Records shown

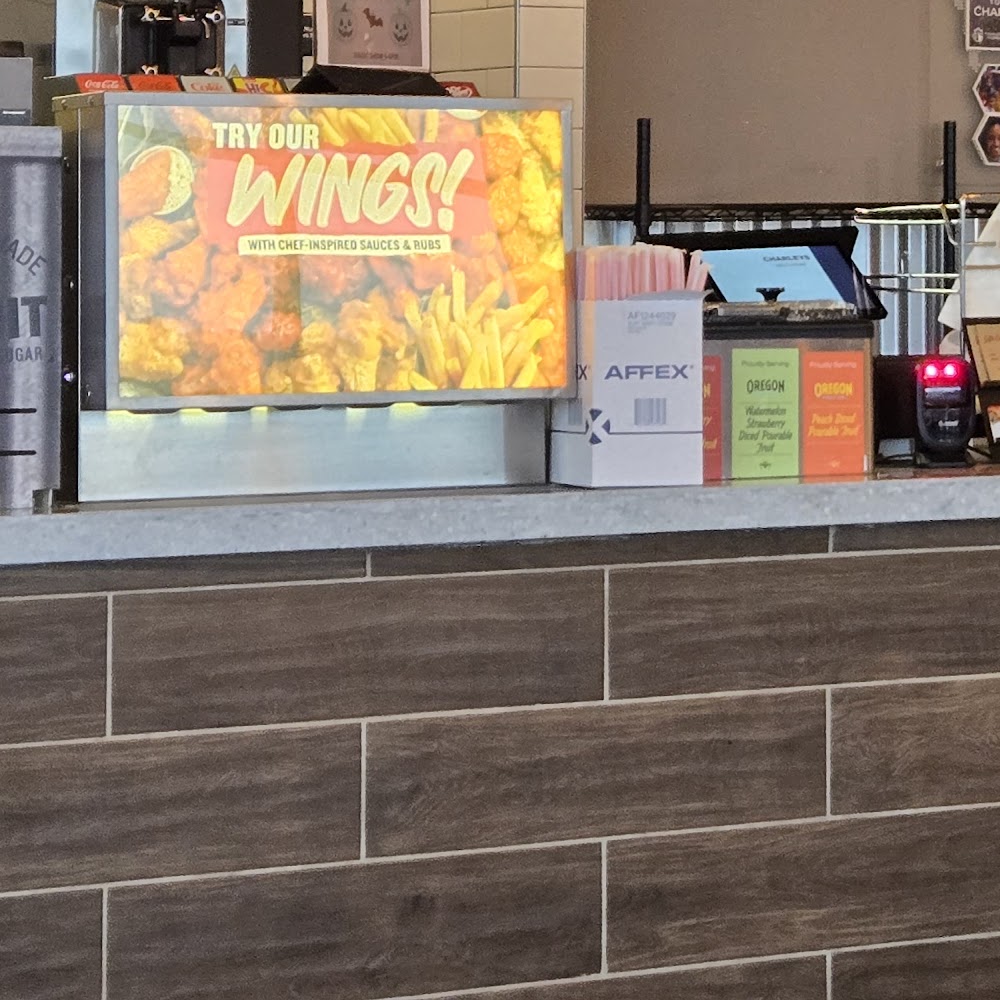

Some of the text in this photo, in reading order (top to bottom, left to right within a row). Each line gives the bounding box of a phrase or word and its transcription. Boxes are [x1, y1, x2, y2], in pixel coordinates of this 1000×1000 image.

[212, 122, 320, 150] TRY OUR
[226, 148, 475, 232] WINGS!
[248, 239, 441, 251] WITH CHEF-INSPIRED SAUCES & RUBS
[604, 364, 689, 380] AFFEX
[746, 379, 785, 394] OREGON
[814, 382, 853, 397] OREGON

What you need to do
Without the images, output all the entries exactly as they stand.

Response below
Some of the text in this photo, in reading order (top to bottom, left to right within a row). Each line gives the bounding box of a phrase or word and its transcription. Boxes are [x1, y1, x2, y2], in pixel coordinates of this 1000×1000 image.

[212, 122, 320, 150] TRY OUR
[226, 148, 475, 232] WINGS!
[248, 239, 441, 251] WITH CHEF-INSPIRED SAUCES & RUBS
[604, 364, 689, 380] AFFEX
[746, 379, 785, 394] OREGON
[814, 382, 853, 397] OREGON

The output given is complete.